Second Course: Nine-Dot Pea Soup

Daniel
In 1957, there was a debate at the RIBA on the motion “systems of proportion make good design easier and bad design more difficult,” a motion that Bruno Zevi refused to support, stating that “no one really believes any longer in the proportional system,” and he was agreed with by Peter Smithson who argued that architects would need to look elsewhere in order to generate cultural significance. Did this mark the beginning of the end for proportionality?”

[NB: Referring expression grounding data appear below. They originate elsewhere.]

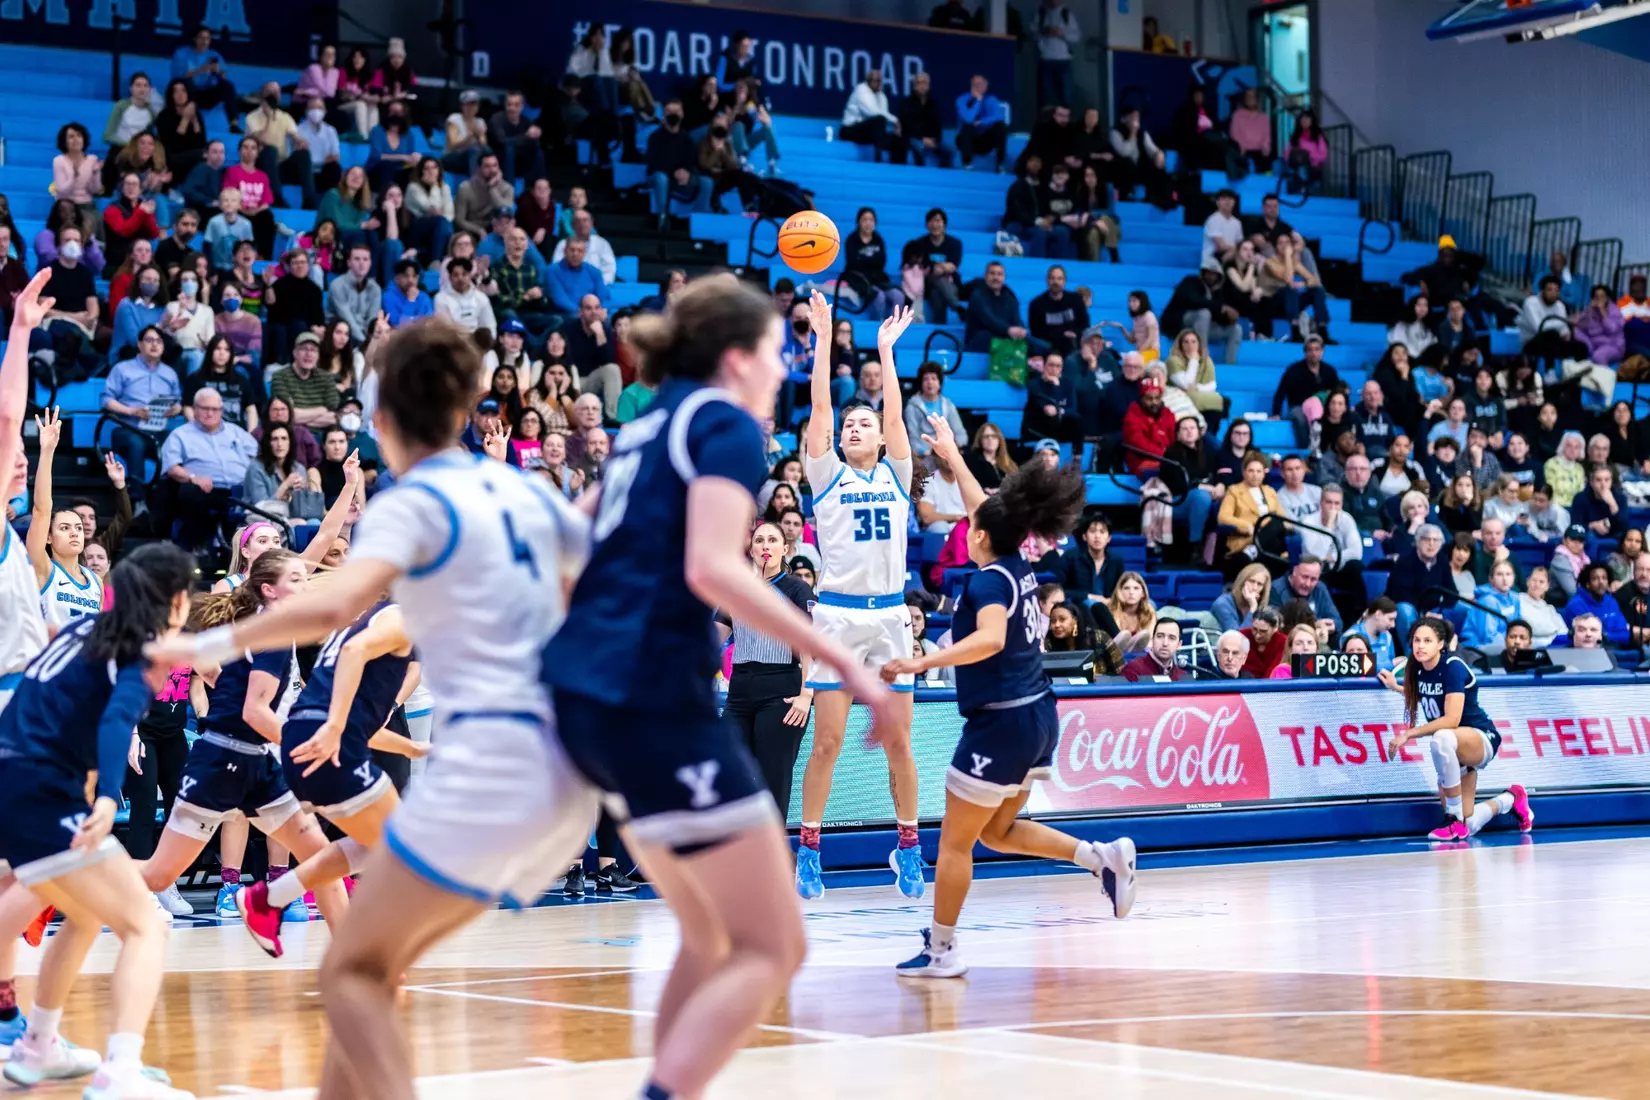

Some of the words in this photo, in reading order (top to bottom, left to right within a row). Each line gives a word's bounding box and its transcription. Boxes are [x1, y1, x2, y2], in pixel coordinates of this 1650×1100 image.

[852, 507, 892, 542] 35
[867, 597, 876, 609] C
[1315, 654, 1363, 676] POSS.
[1418, 681, 1443, 696] YALE
[1051, 704, 1244, 792] Coca-Cola
[1278, 724, 1425, 767] TASTE
[353, 760, 375, 787] Y
[970, 752, 993, 777] Y
[179, 775, 198, 798] Y
[675, 759, 721, 808] Y
[822, 820, 863, 828] DAKTRONICS

Roosevelt Island Housing Competition, O. M. Ungers. Courtesy of Ungers Archiv für Architekturwissenschaft UAA.
Roosevelt Island Housing Competition, O. M. Ungers. Courtesy of Ungers Archiv für Architekturwissenschaft UAA.

Arthur
It probably marked the beginning of the end for Peter Smithson.

(Laughter)

Jerry
Rem said about proportioning systems a few years back that composition is no longer relevant. I say basically as long as human beings have a brain and an eye, composition will be relevant.

Arthur
I wouldn’t say much about Bruno Zevi because I always liked Zevi’s book Architecture as Space. It was the first book that I remember reading as a first-year student that clearly defined architectural space. Schindler also clearly expressed the idea that architecture is space, and that is basically what I still believe.


Jerry
I believe that too. That is something we ought to be talking about in schools, because it is not an issue anymore. That’s one of the things that made the Cornell education famous—the ability to manipulate space in various ways.

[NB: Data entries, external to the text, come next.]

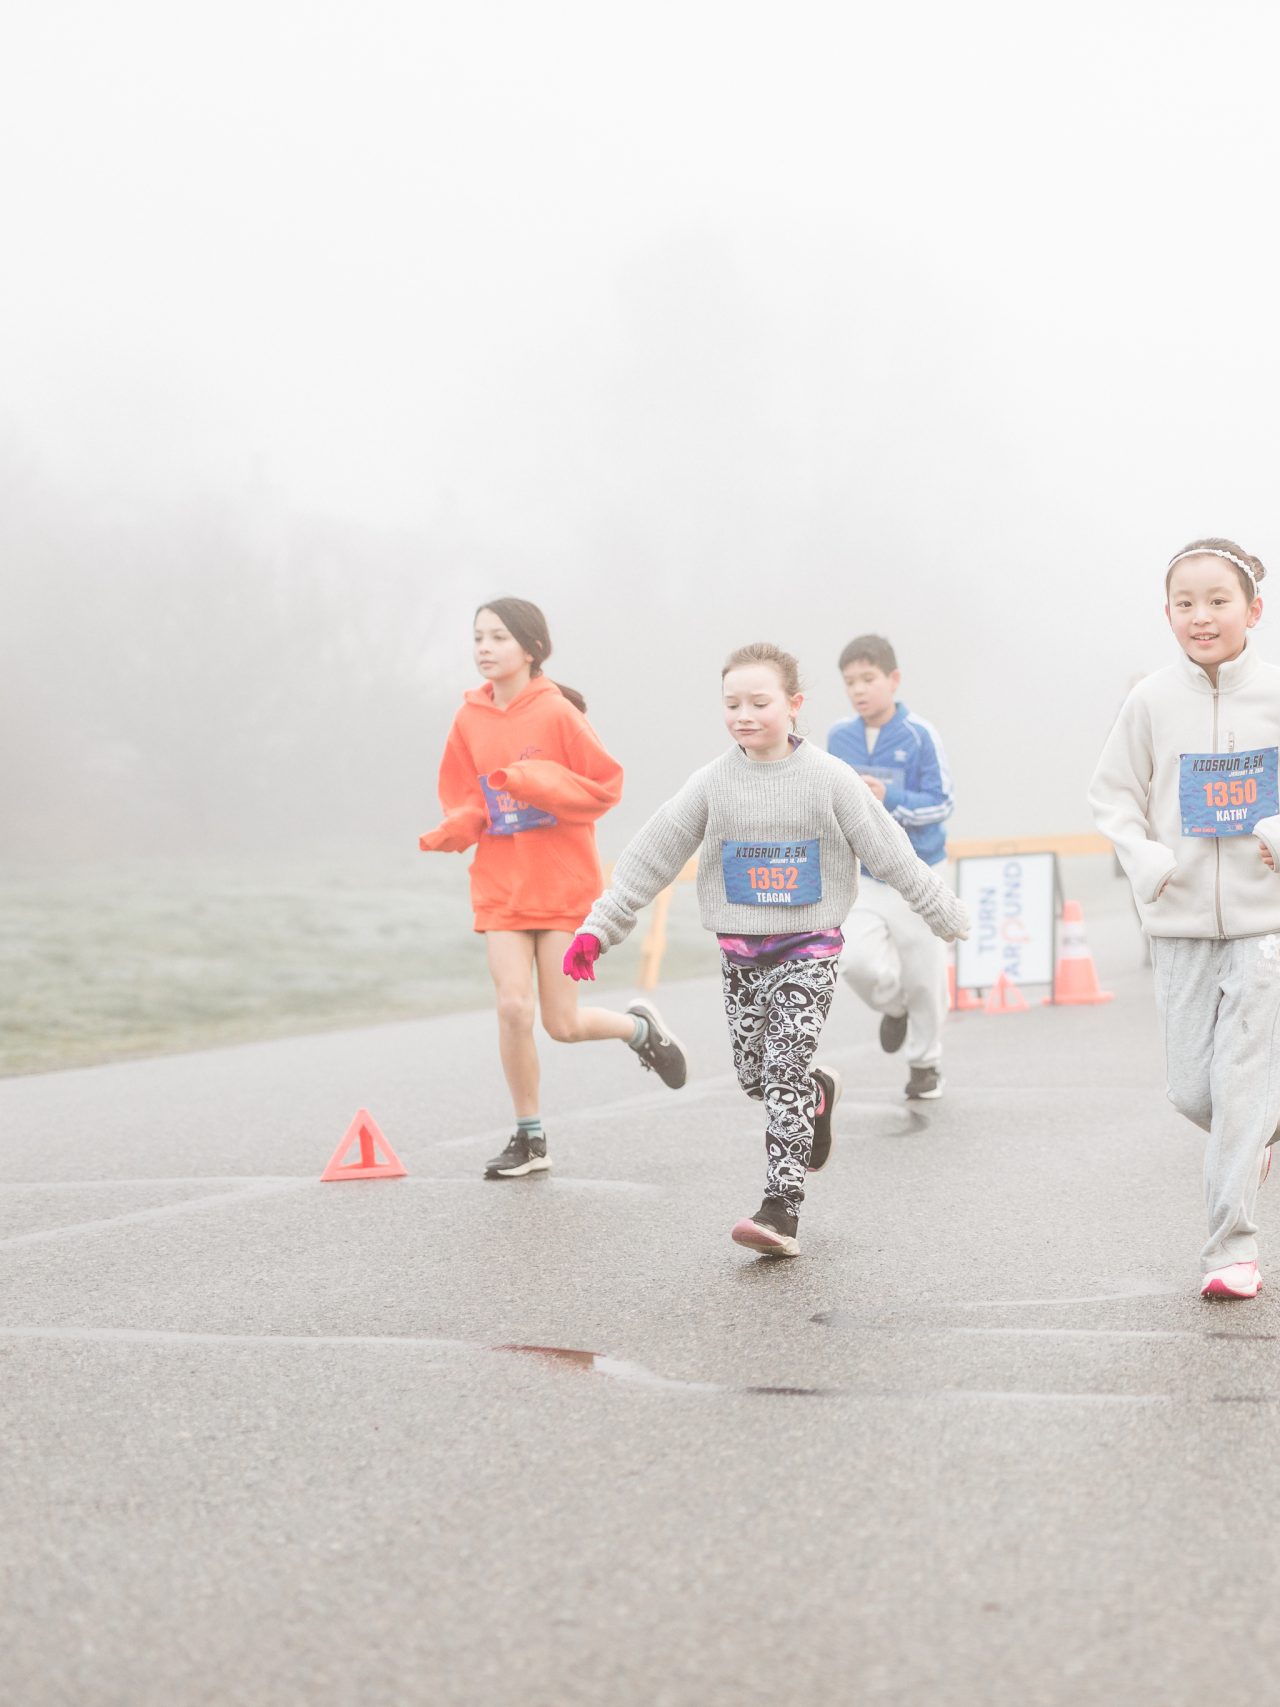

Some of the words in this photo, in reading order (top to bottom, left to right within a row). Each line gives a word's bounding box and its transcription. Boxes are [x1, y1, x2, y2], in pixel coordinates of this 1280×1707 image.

[1192, 757, 1240, 772] KIDSRUN
[1244, 754, 1264, 769] 2.5K
[1202, 778, 1257, 807] 1350
[1216, 807, 1248, 822] KATHY
[736, 847, 781, 858] KIDSRUN
[784, 846, 807, 858] 2.5K
[746, 866, 800, 890] 1352
[756, 892, 791, 903] TEAGAN
[978, 886, 997, 954] TURN

You know what led to Colin Rowe writing Mathematics of the Ideal Villa? He was at the Warburg Institute where Wittkower was his professor. He wrote an article suggesting that Villa Garches was Malcontenta stripped of its content. And Wittkower says: You cannot do that; you cannot compare modern architecture to Renaissance architecture. But basically Colin was right, and he left school because of that argument. He continued to write that article based on his research. You can put the drawings over each other and it is exactly the same proportioning. Another one of my beliefs about modern architecture is that it was in fact traditional architecture stripped of its content. It didn’t have architraves and cornice lines and column capitals, but the compositional aspects were proportionally almost the same. I do an exercise in my seminar where we do a transformation of content, Modern architecture and Renaissance architecture, back and forth, and it works, especially in Le Corbusier’s buildings; traditional Renaissance architecture stripped of its content and made abstract.

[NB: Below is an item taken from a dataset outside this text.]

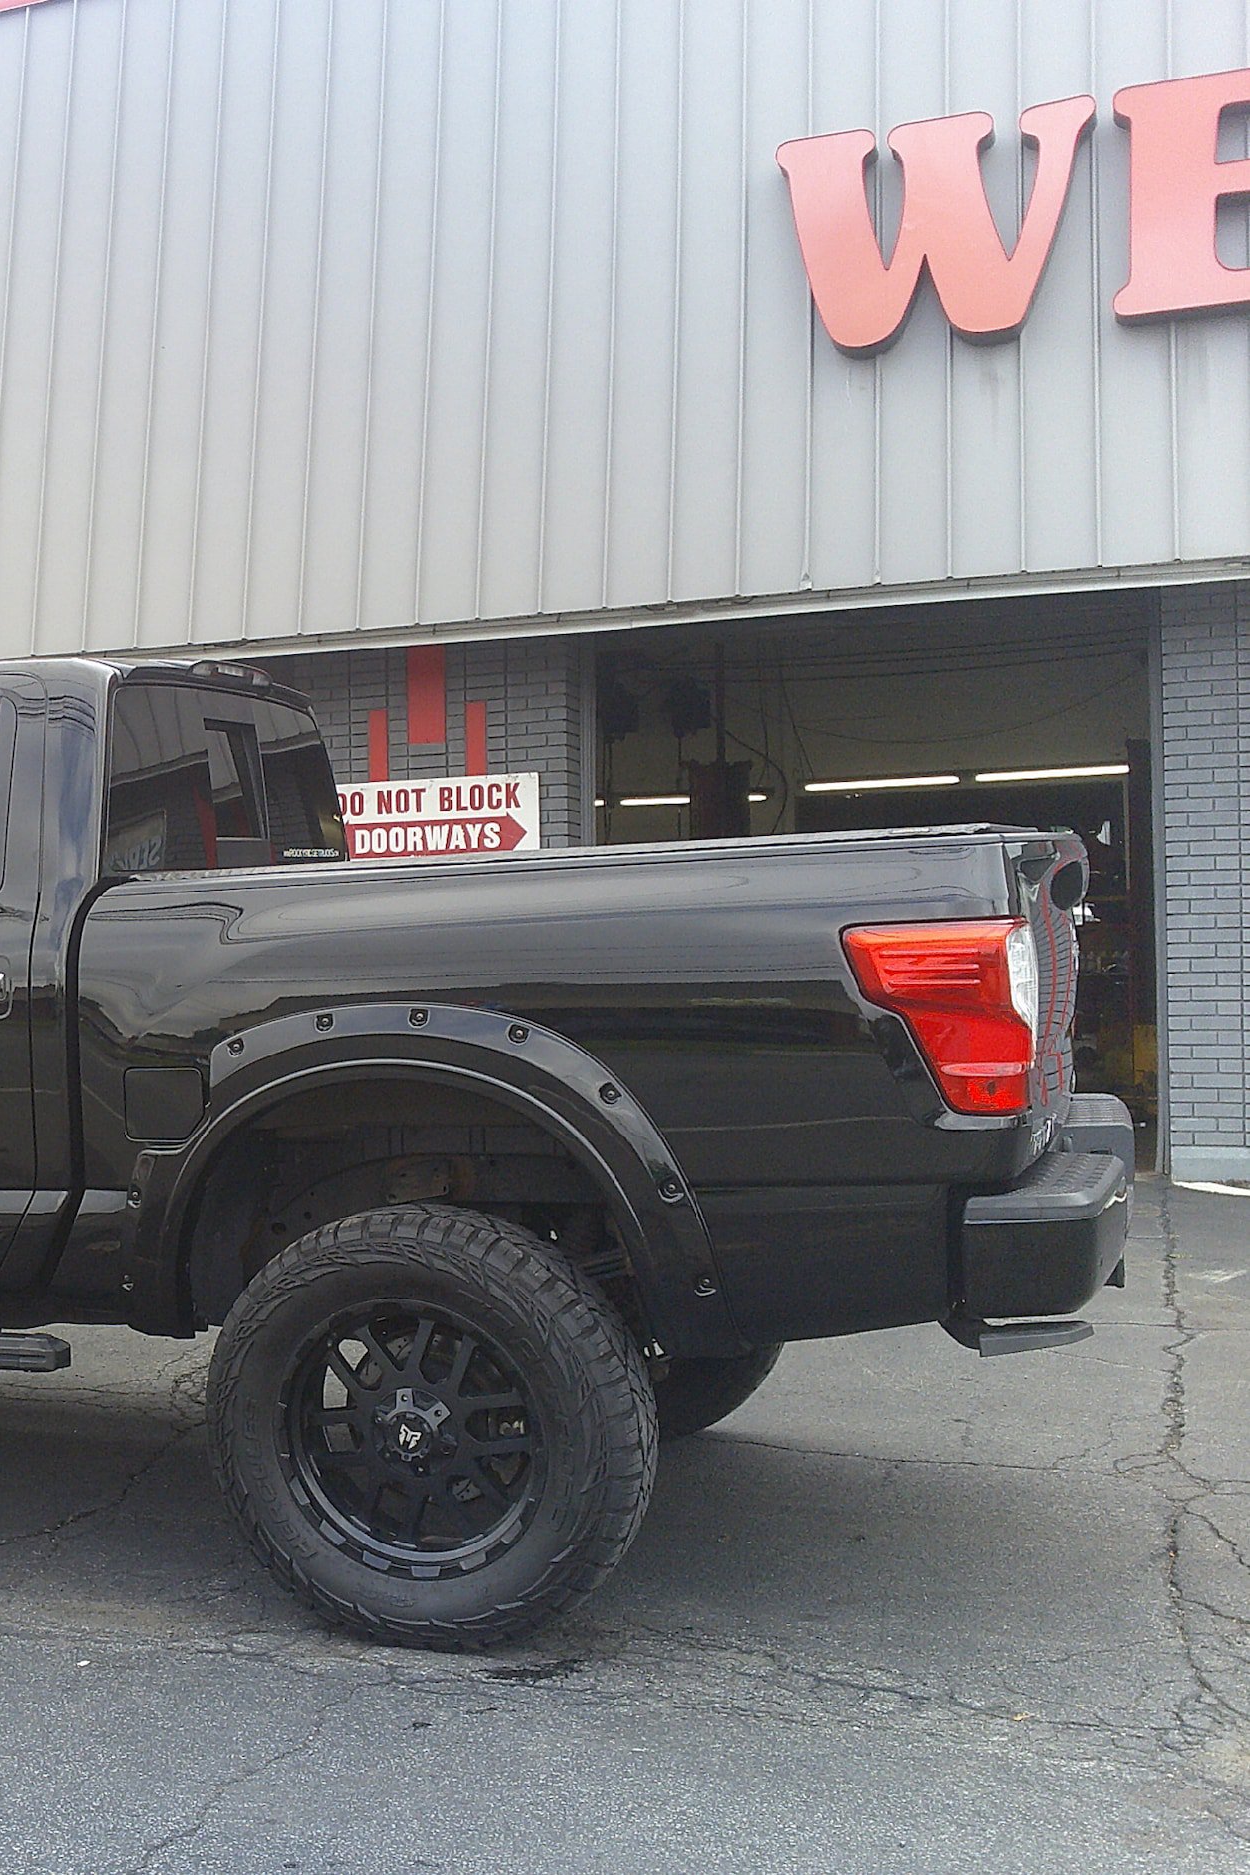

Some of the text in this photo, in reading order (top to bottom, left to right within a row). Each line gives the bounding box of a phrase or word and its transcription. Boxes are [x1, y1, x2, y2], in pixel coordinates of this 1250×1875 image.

[377, 788, 427, 814] NOT
[439, 782, 521, 812] BLOCK
[355, 821, 501, 855] DOORWAYS

Plans and Diagrams of Andrea Palladio’s Malcontenta and Le Corbusier’s Villa Stein, Colin Rowe, The Mathematics of the Ideal Villa and Other Essays. © 1976 Massachusetts Institute of  Technology, by permission of The MIT Press.
Plans and Diagrams of Andrea Palladio’s Malcontenta and Le Corbusier’s Villa Stein, Colin Rowe, The Mathematics of the Ideal Villa and Other Essays. © 1976 Massachusetts Institute of Technology, by permission of The MIT Press.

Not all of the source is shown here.